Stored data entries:

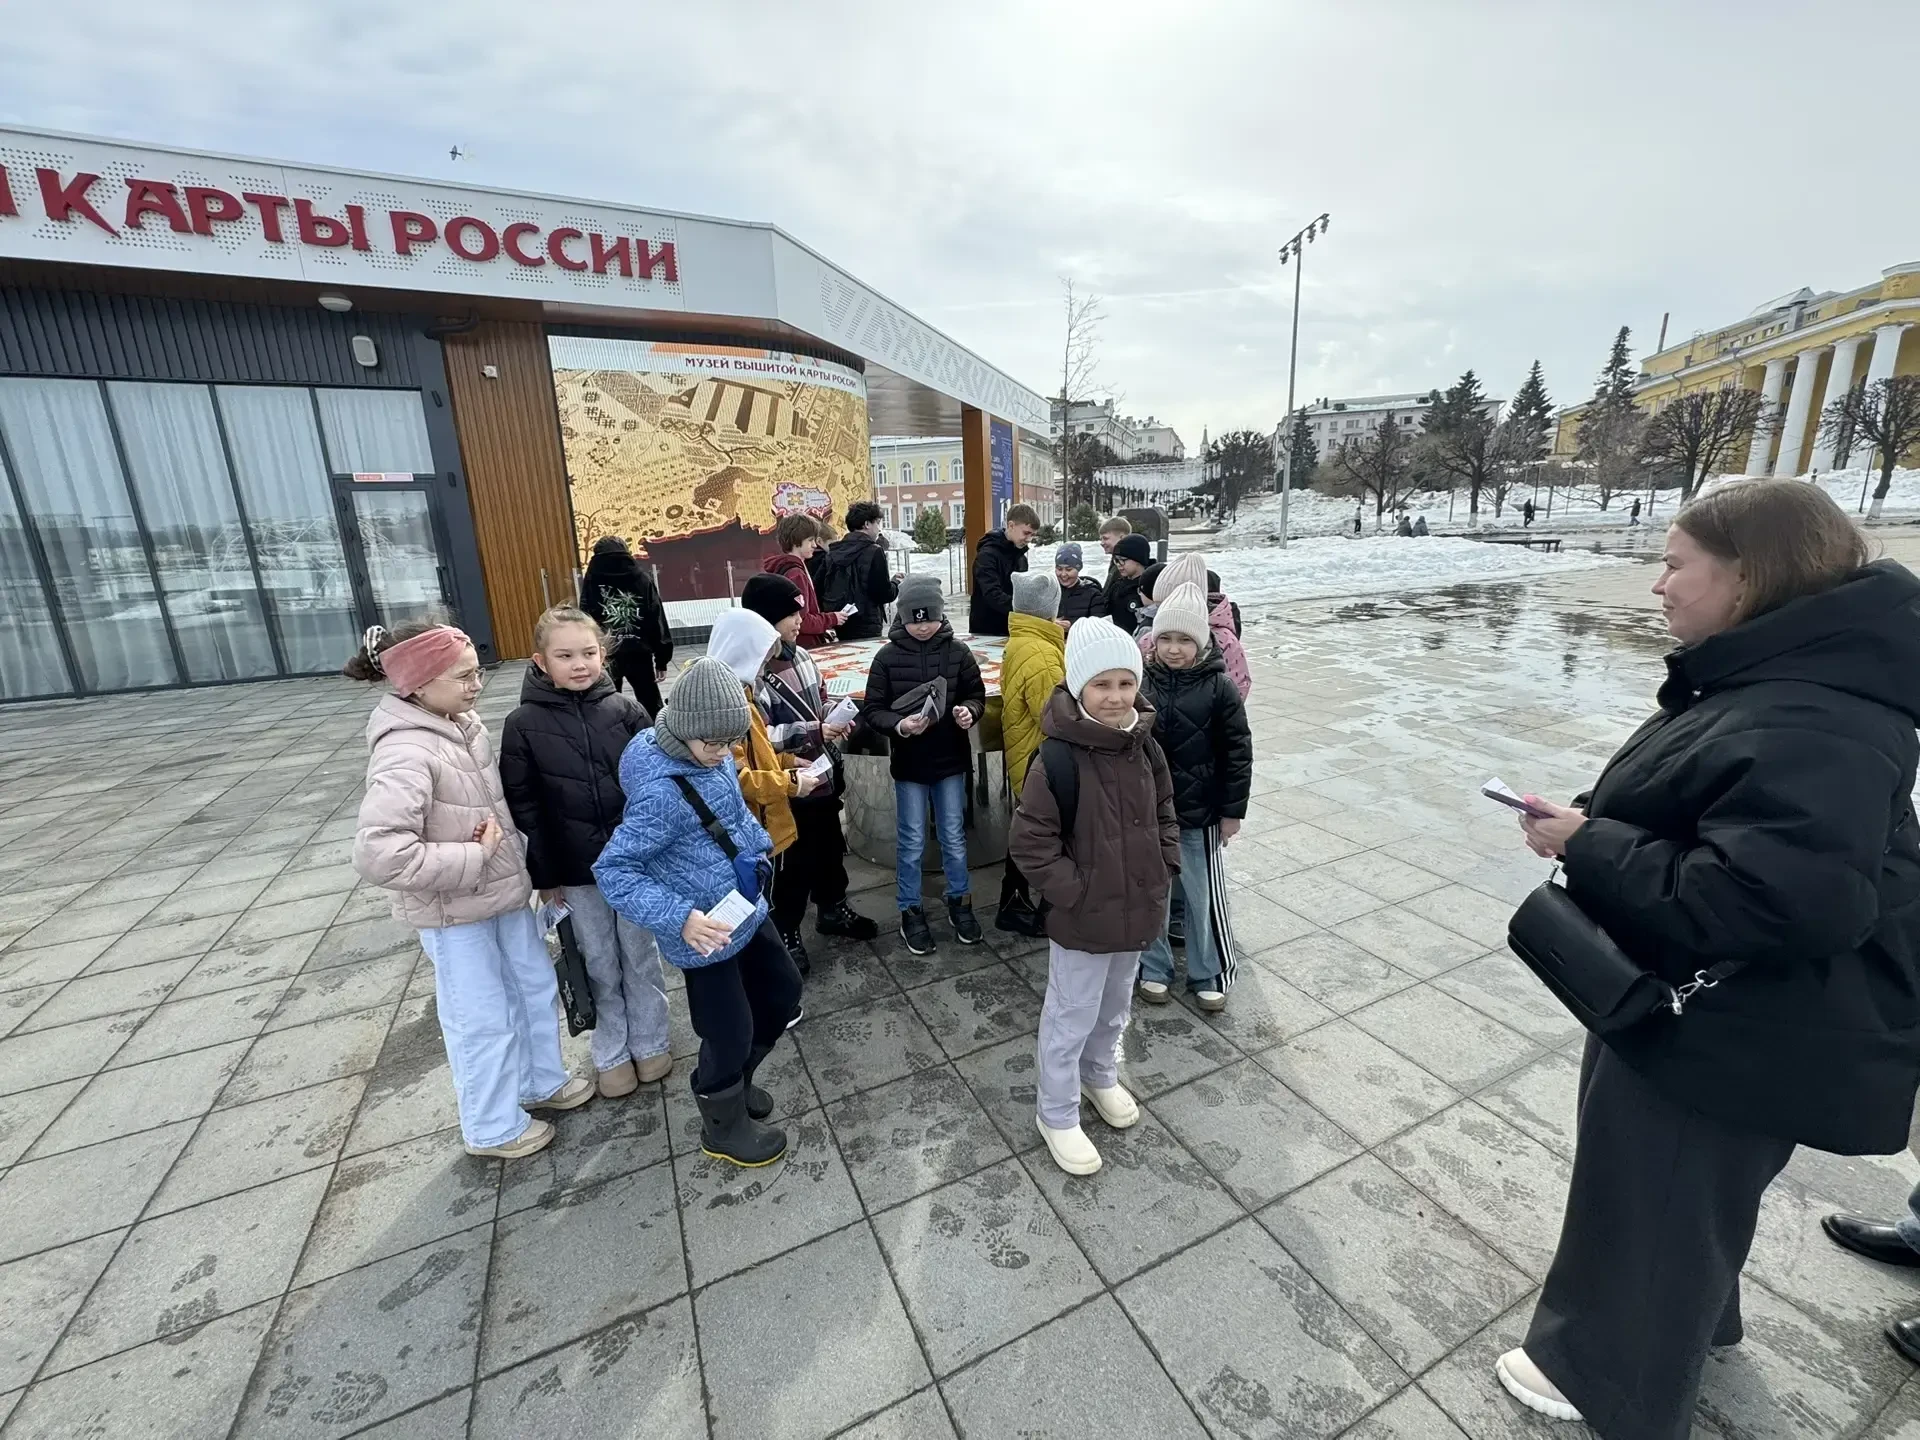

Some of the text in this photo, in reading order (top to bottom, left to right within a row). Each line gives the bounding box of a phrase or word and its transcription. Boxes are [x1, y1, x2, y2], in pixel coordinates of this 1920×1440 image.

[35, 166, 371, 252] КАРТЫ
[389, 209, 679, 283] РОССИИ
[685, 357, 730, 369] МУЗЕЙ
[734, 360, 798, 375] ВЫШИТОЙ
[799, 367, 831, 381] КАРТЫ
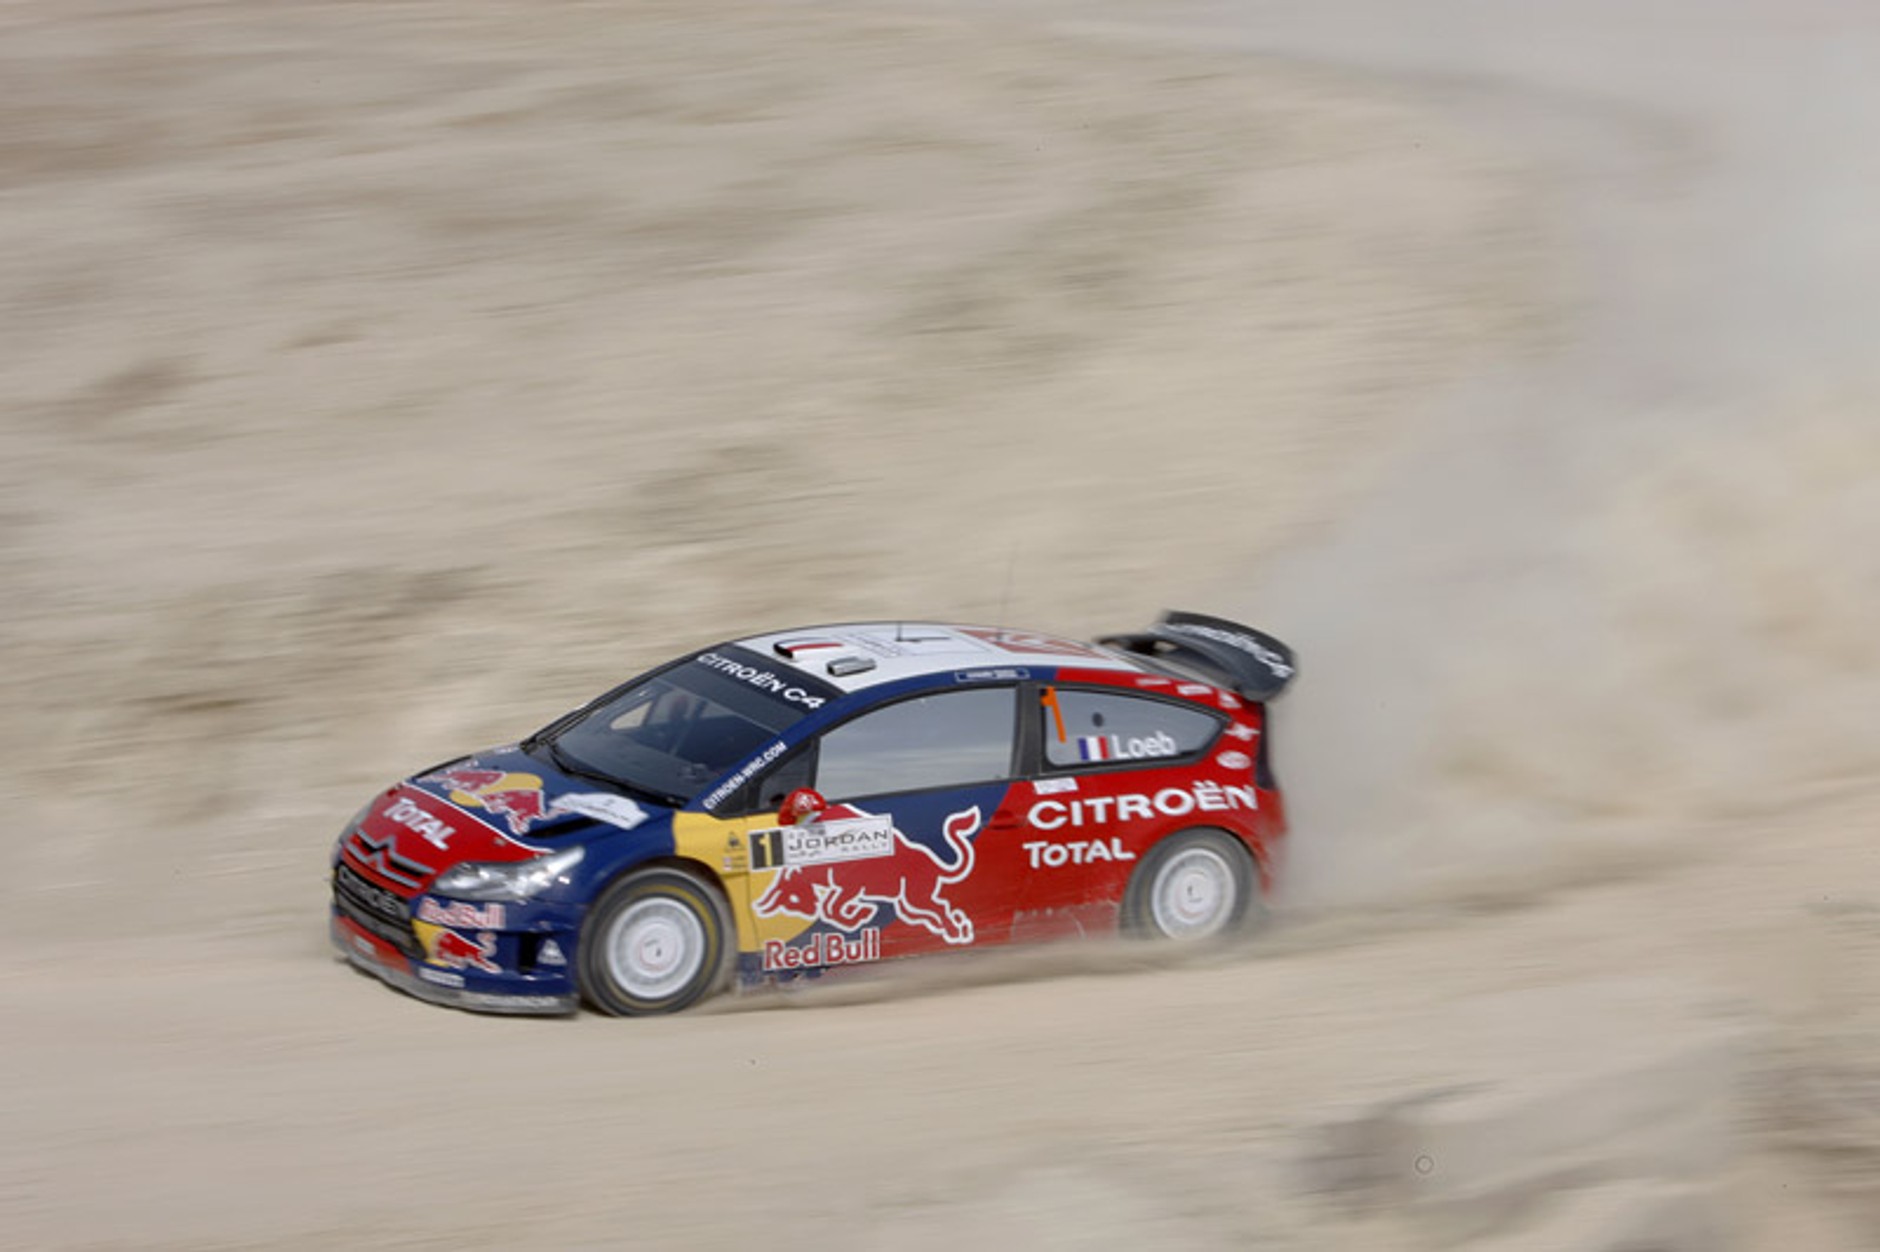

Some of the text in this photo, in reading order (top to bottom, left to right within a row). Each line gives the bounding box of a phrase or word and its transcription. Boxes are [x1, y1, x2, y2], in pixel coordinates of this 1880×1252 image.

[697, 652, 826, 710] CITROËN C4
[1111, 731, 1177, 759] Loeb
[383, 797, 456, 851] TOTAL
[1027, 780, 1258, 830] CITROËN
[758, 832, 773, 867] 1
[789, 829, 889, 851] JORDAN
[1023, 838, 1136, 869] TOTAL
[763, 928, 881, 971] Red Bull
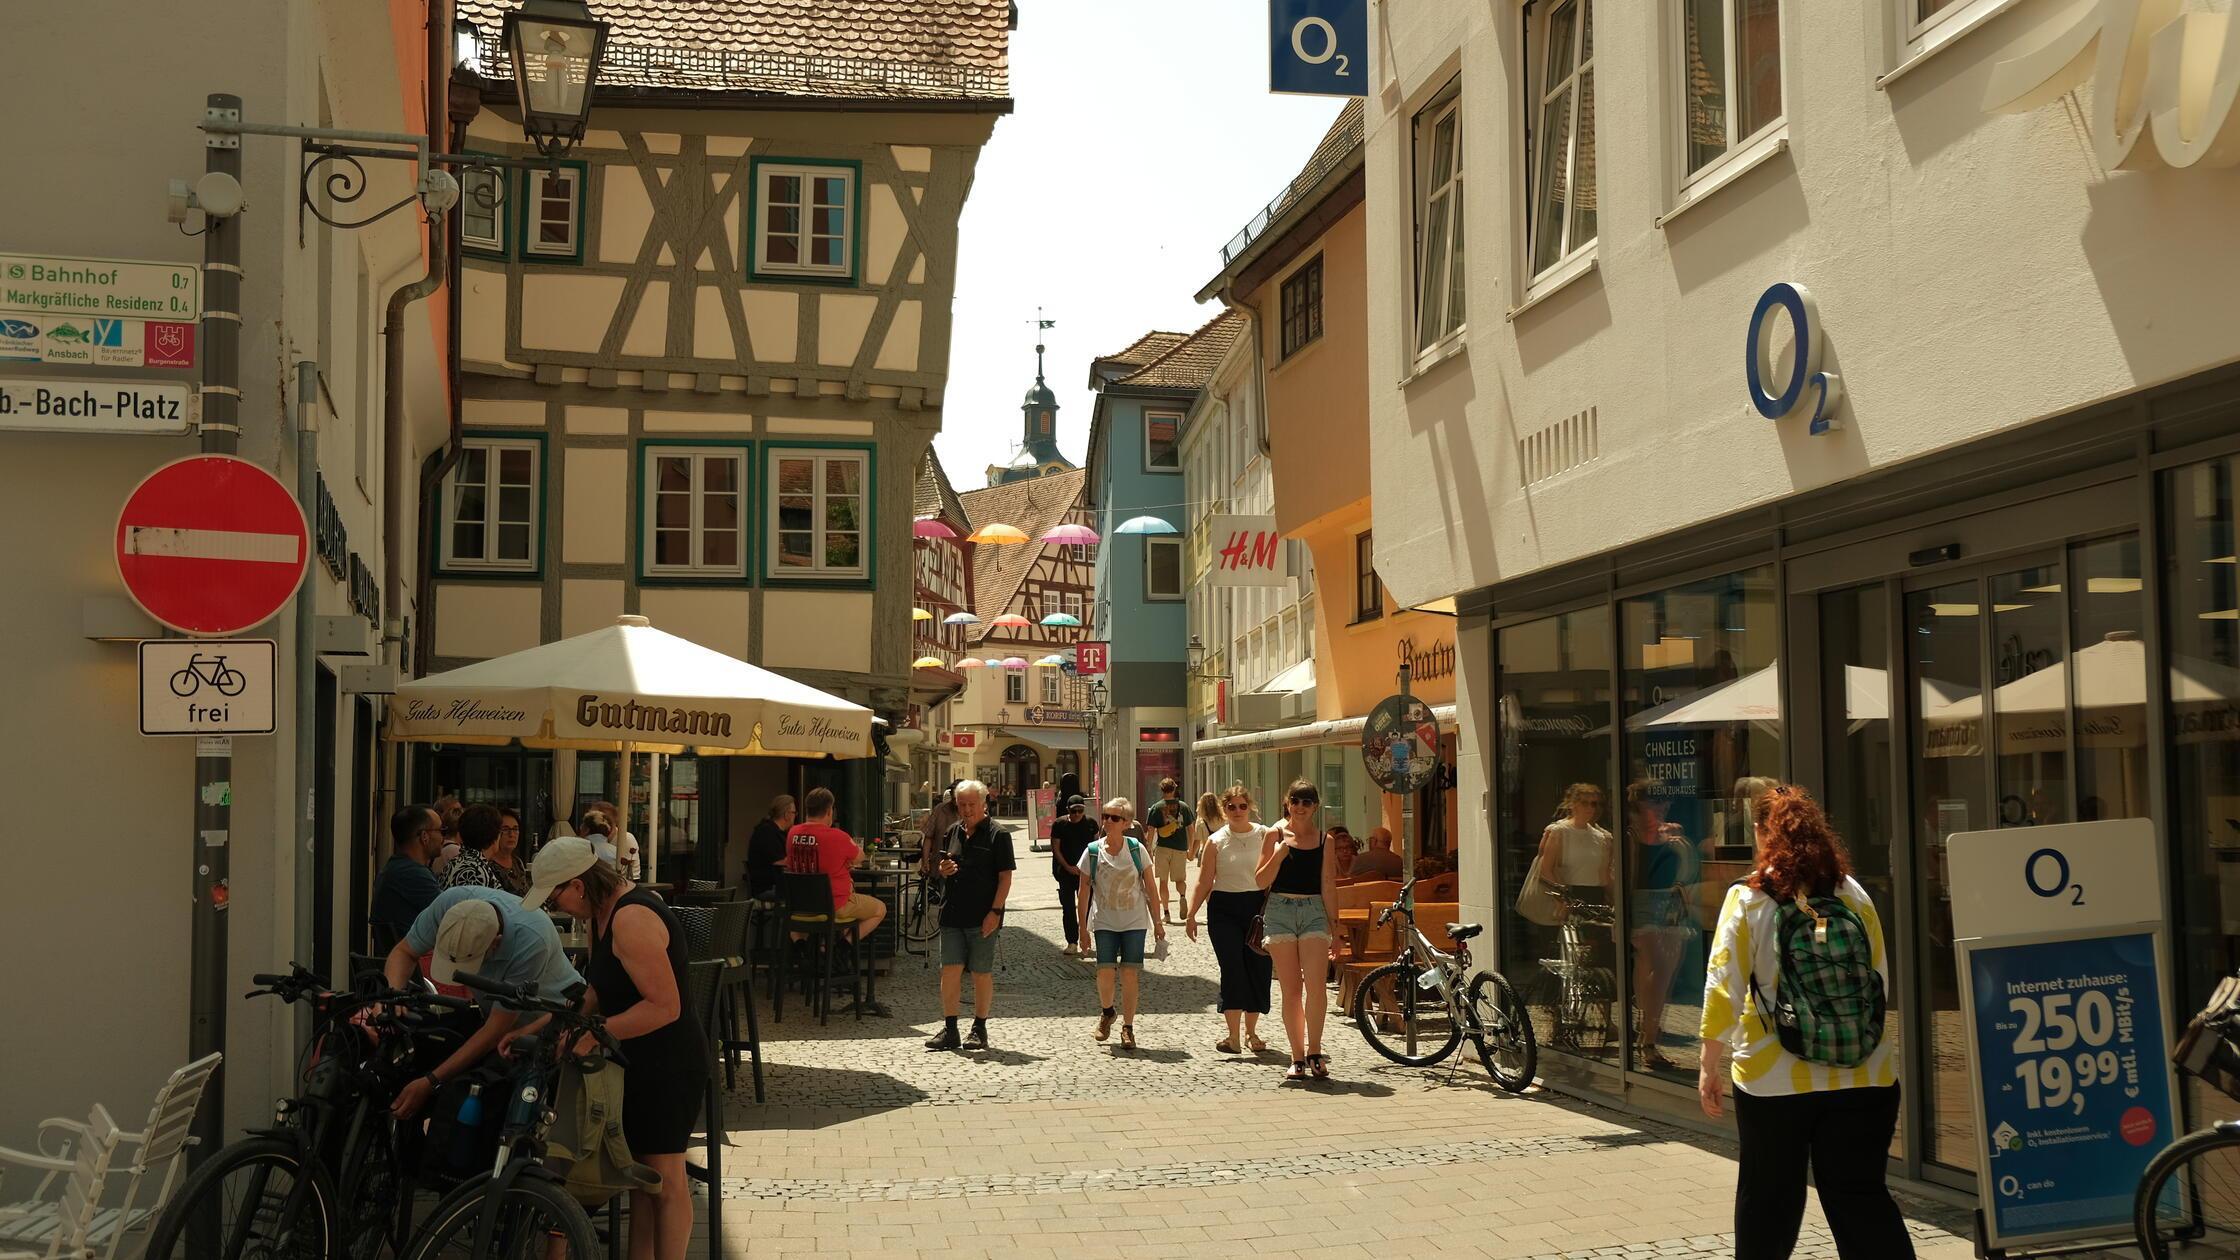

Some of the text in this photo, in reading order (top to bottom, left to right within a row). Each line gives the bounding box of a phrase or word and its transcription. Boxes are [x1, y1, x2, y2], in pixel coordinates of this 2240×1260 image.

▶ **What needs to be done**
The entries are to be restated word for word, with pictures omitted.

▶ **Output of the exercise**
Some of the text in this photo, in reading order (top to bottom, left to right within a row). Each line gives the bounding box of a phrase or word and its transcription. Boxes are [x1, y1, x2, y2], in pixel coordinates of this 1920×1440 image.

[35, 166, 371, 252] КАРТЫ
[389, 209, 679, 283] РОССИИ
[685, 357, 730, 369] МУЗЕЙ
[734, 360, 798, 375] ВЫШИТОЙ
[799, 367, 831, 381] КАРТЫ

Some of the text in this photo, in reading order (top to bottom, left to right within a row). Each line gives the bounding box of a phrase or word and its transcription. Boxes are [x1, y1, x2, y2], in pixel coordinates of this 1880×1252 image.

[697, 652, 826, 710] CITROËN C4
[1111, 731, 1177, 759] Loeb
[383, 797, 456, 851] TOTAL
[1027, 780, 1258, 830] CITROËN
[758, 832, 773, 867] 1
[789, 829, 889, 851] JORDAN
[1023, 838, 1136, 869] TOTAL
[763, 928, 881, 971] Red Bull

Some of the text in this photo, in reading order (top to bottom, left to right within a row). Each line gives the bounding box of a phrase or word and its transcription. Boxes are [x1, y1, x2, y2], in pixel coordinates of this 2240×1260 image.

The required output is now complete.